Dormice and so on

dungrollin spotthedungbeetle at hotmail.com
Thu Apr 21 09:03:07 UTC 2005


--- In HPFGU-Catalogue at yahoogroups.com, Barry Arrowsmith 
<arrowsmithbt at b...> wrote:
> >
> >  Dot
> >  Who was wondering how the sociologist, biologist and 
mathematician were all so damn sure it was definitely a sheep.
> >
> 
> It wasn't, the biologist knew that straightaway, being well aware 
> that real black sheep lurk on Welsh mountains keeping a wary eye 
> open for stunted tenors in wellington boots.
> 
> The sociologist was unaware that it was in fact a prime example of 
> a sub-adult Equus asinus, but since like most social scientists he 
> couldn't find his ass with a map and ground approach radar, it was 
the first one he'd seen. The biologist thought better than to 
> enlighten him as it is a well-documented behavioural trait for 
social scientists to embed themselves head first in the rear end of 
> said beasts whenever one comes into their possession.


Dot:
Thanks for the clarification.  Presumably the mathematician was 
too busy working out whether any quasitropic hedroid is indeed 
diatonically sub-similar to itself to look out of the window at the 
real world, and simply took the sociologist's word for it. 
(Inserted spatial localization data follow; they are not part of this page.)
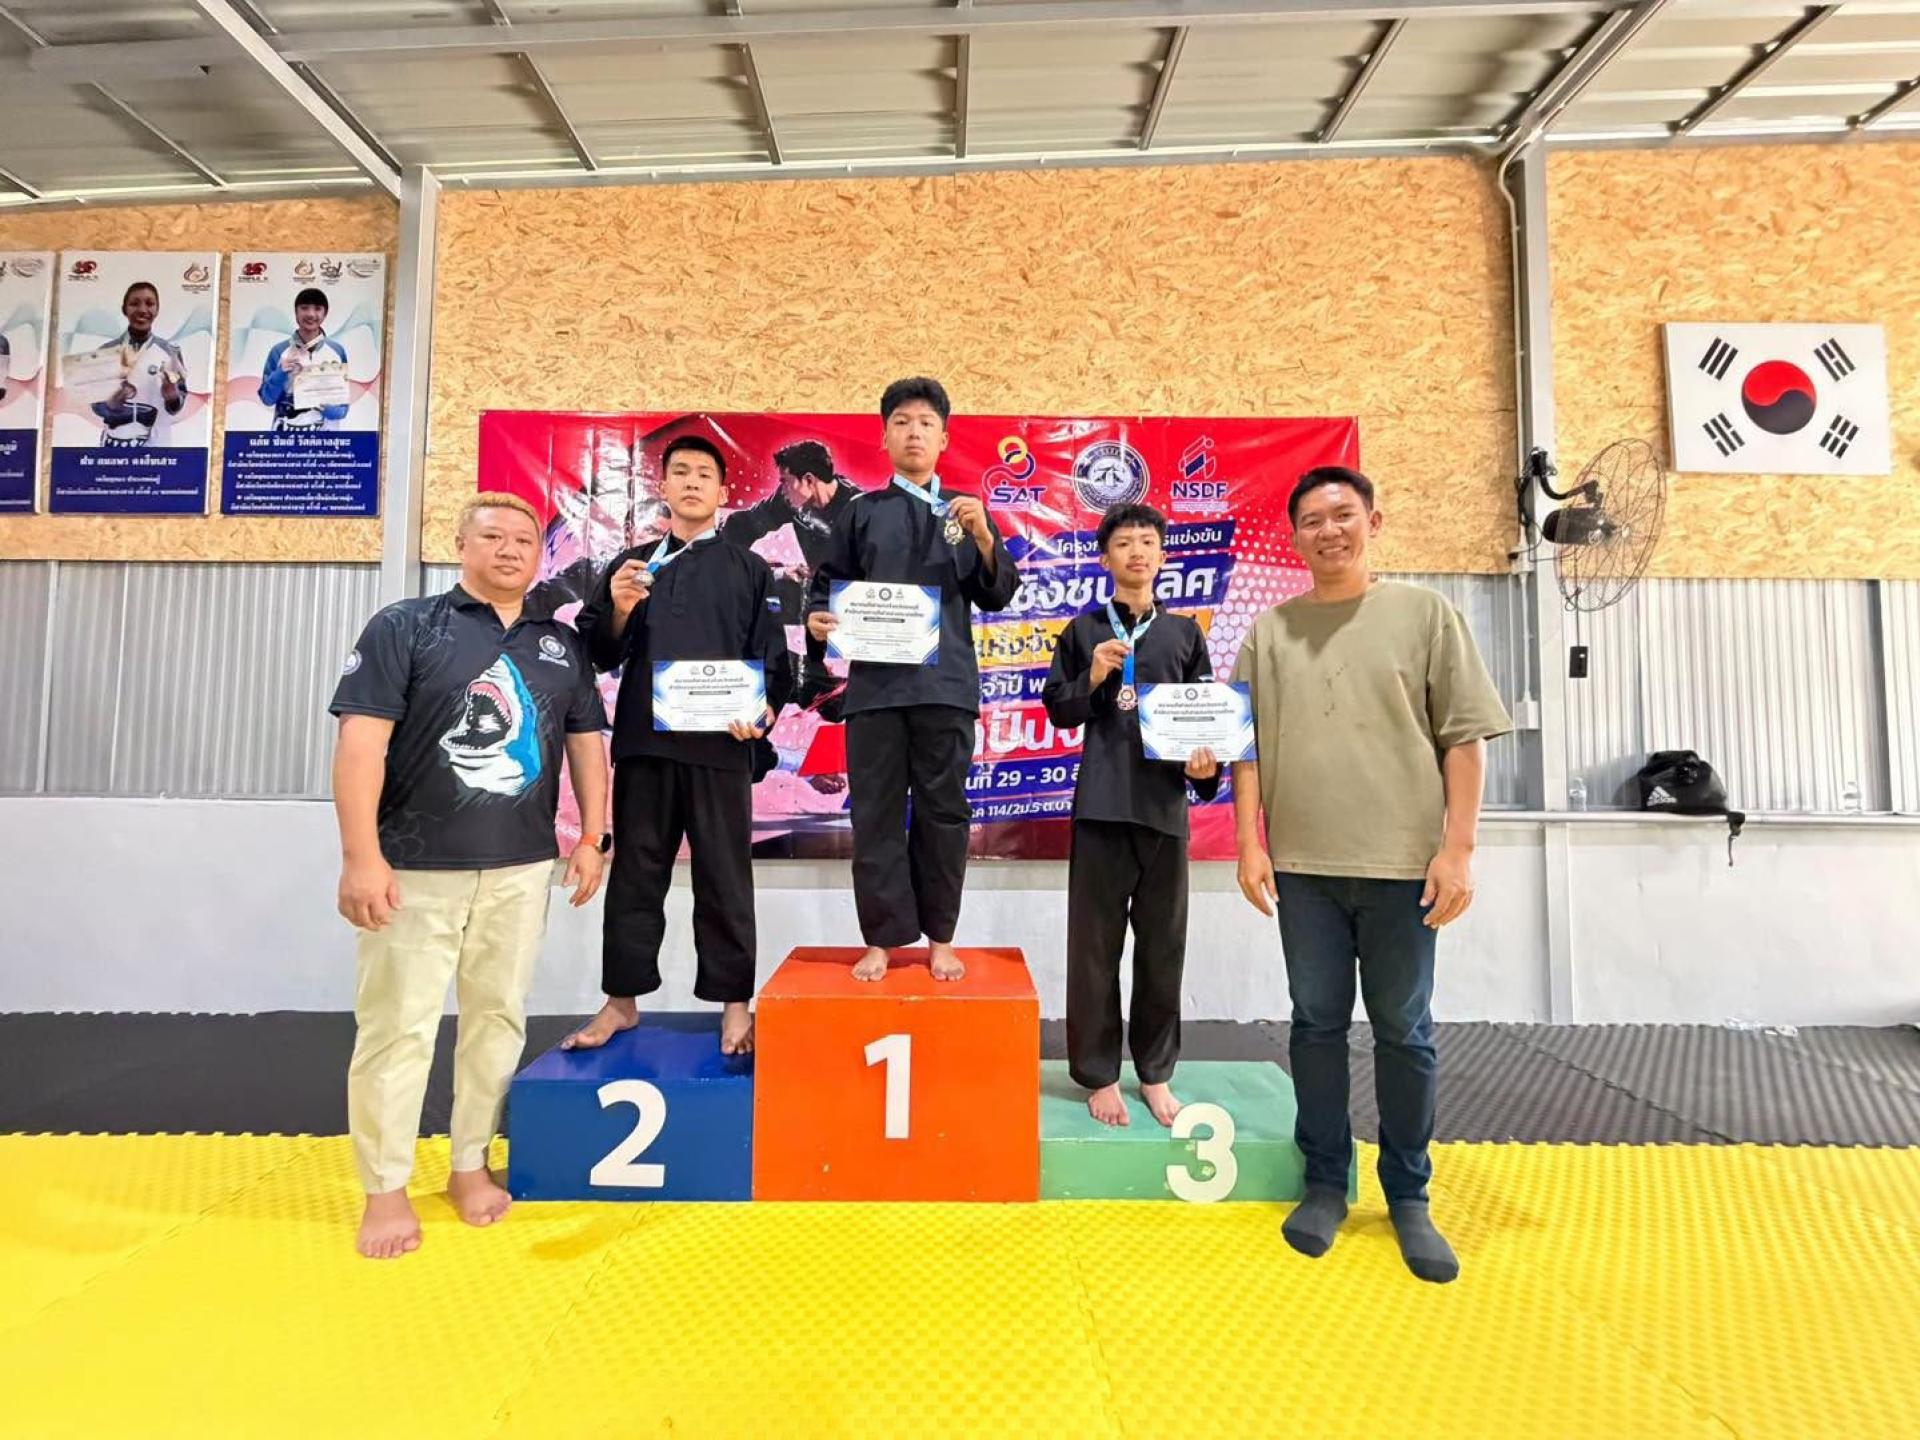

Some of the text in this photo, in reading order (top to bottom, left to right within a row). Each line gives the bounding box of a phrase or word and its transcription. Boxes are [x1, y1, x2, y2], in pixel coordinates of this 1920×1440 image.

[990, 487, 1046, 503] SAT
[1173, 482, 1227, 498] NSDF
[996, 769, 1022, 788] 29
[1040, 766, 1067, 784] 30
[864, 1034, 912, 1140] 1
[589, 1080, 667, 1188] 2
[1166, 1103, 1239, 1203] 3
Incidentally, I ran across this list of Rules for Good Writing:
http://www.noggs.dsl.pipex.com/la/rules.htm
I particularly liked this one:

65. Let P(x) be the probability of reader x being impressed by 
displays of mathematical pseudery. Then it can be shown that, for 
all x except those in a set of Lebesgue measure zero, 
                        P(x) = 1 + e^i(pi)
where e is the base of natural logarithms, pi is the ratio of the 
circumference of a circle to its diameter, and i^2 = -1.